Zundel, of course, is routinely vilified and smeared in the US media, and no American politician dares to defend his rights.
Mandela was held for years in prison in South Africa when the country was run by its white population. After his release, power was transferred to the country’s major black political party, the African National Congress (ANC), and he became president in 1994. For decades he has been praised by politicians and portrayed in the media as a man of peace, and as a wise and even heroic leader. “Invictus,” a major motion picture that is currently showing across the country, is typical. Its portrayal of Mandela, who is played by actor Morgan Freeman, is sympathetic and flattering.
But unlike Zundel, Mandela was imprisoned not for his views, but for his crimes of violence. Mandela was head of the armed wing of the African National Congress and the South African Communist Party. During his trial, he pleaded guilty to dozens of acts of violence, including bombings in the Johannesburg railway station and other public places that took the lives of children and other innocent people. For years he was on the US government’s terrorism watch list. On a number of occasions, Mandela was offered freedom from prison if he would only renounce terrorist violence. He refused.
In our society, said Weber, the mainstream media presents history and current affairs — whether the subject is the Israel-Palestine conflict, Middle East history, World War Two, terrorism, or freedom of speech — from a consistently Judeocentric perspective.
The Institute for Historical Review and similar dissident groups, said Weber, are routinely smeared by Zionist, leftist and neo-Marxist groups, such as the Anti-Defamation League and the equally misnamed Southern Poverty Law Center. As part of their efforts to discredit the IHR, both the ADL and SPLC make use of quotes falsely attributed to Weber. During the past year, said Weber, enemies of free speech have harassed and intimidated a local hotel where the IHR has held meetings. In the aftermath of this campaign, the hotel told us that we are no longer welcome.
We regard such attacks, Weber said, as a “badge of honor,” and as “confirmation of our effectiveness.”
Some people are reluctant to support the IHR and similar independent groups because they fear the embarrassment of being criticized or called names, said Weber. But whatever embarrassment or financial setback people might endure in speaking out, or in supporting the IHR and similar groups, he added, that is really very little compared to the sacrifices made by many Americans of past generations.
Soldiers during the American civil war, both Union and Confederate, endured great privation, month after month, year after year, Weber stressed, often in scorching heat and oppressive humidity, or in rain, snow and freezing cold.

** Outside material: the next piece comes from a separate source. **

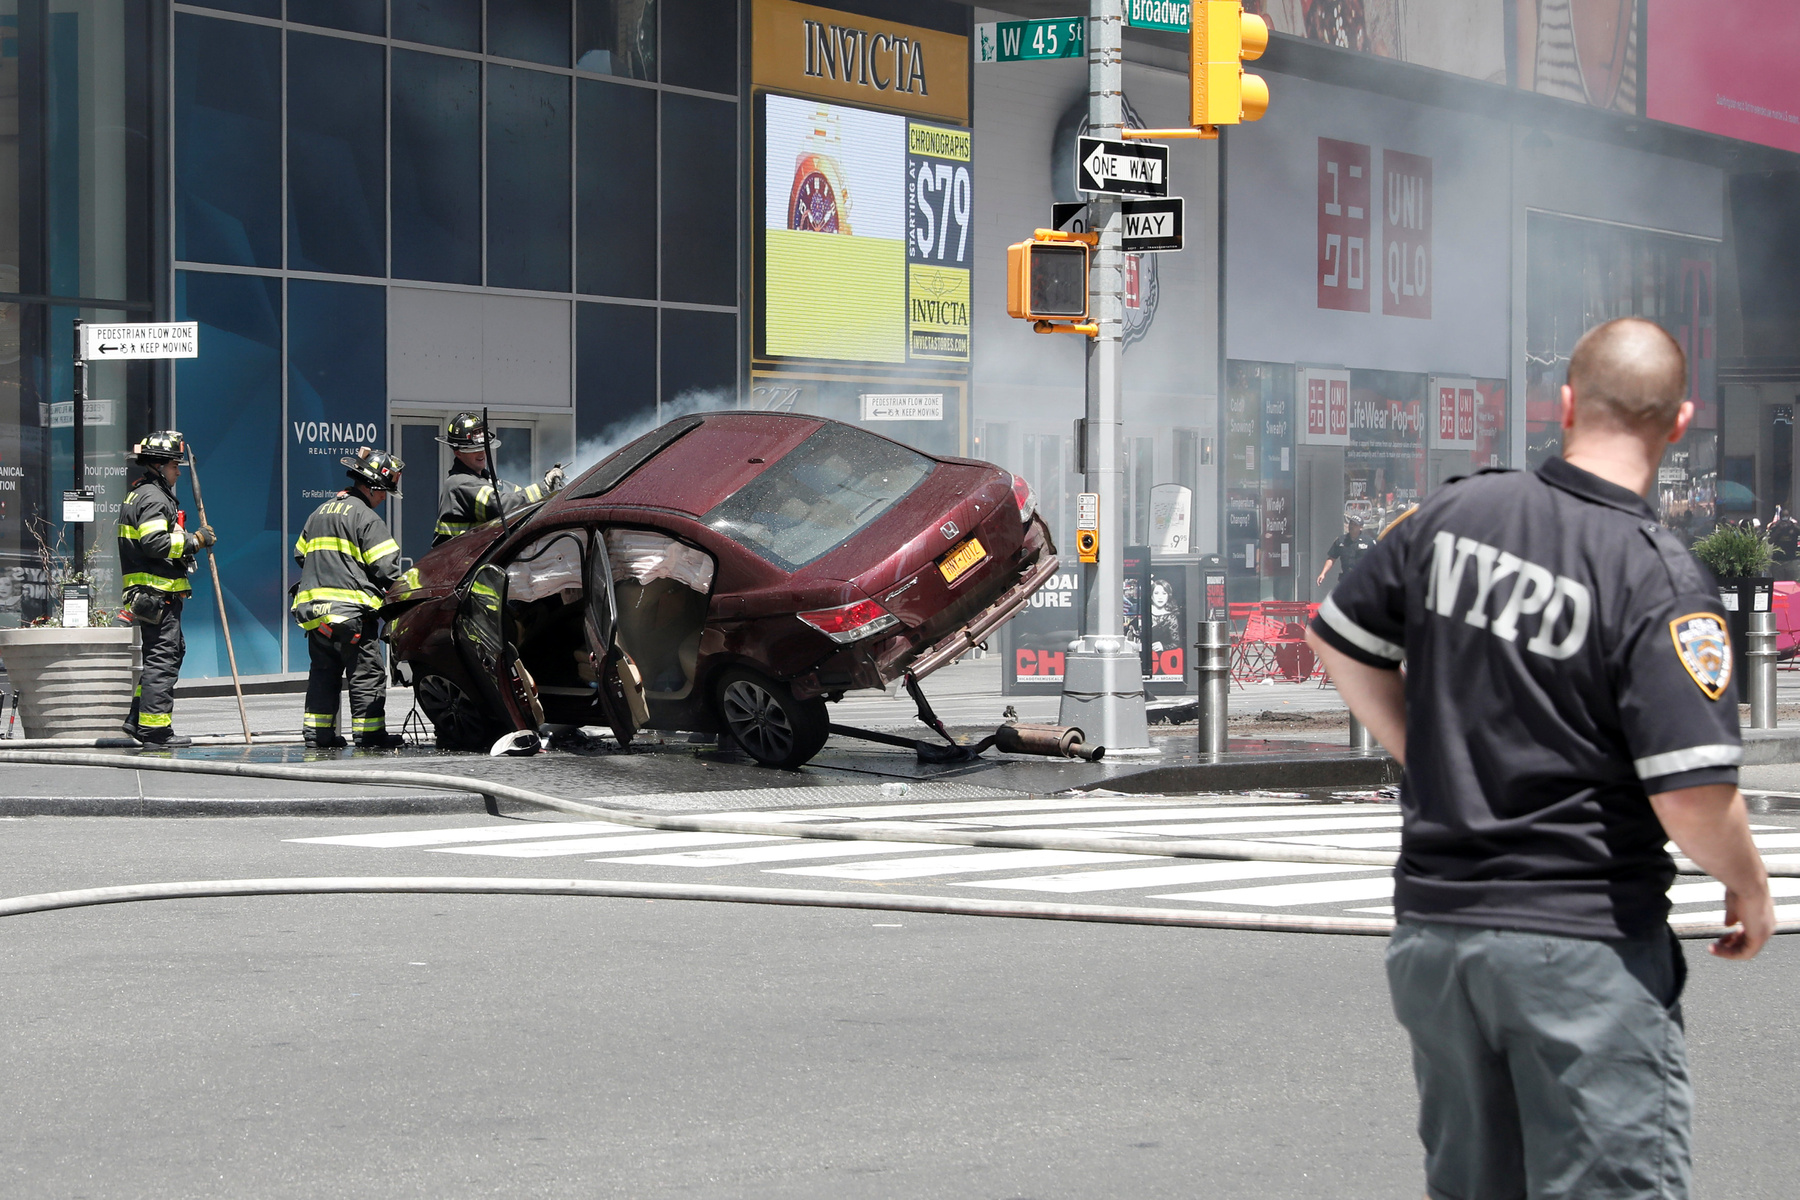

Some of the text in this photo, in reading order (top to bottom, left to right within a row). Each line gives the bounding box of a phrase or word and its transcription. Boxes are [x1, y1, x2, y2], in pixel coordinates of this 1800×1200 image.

The great mass of men who served in the opposing armies, the regular foot soldiers, normally slept every night on the ground. Nearly half a million lost their lives, mostly due to disease and privation. Many others lost their health. Back at home, their wives and families, deprived of the support and labor of their men, also sacrificed.
Concluding the meeting was a upbeat, crisply delivered talk by a local businessman who praised the spirit, content and frequency of IHR meetings, and appealed to attendees to support the Institute and its work.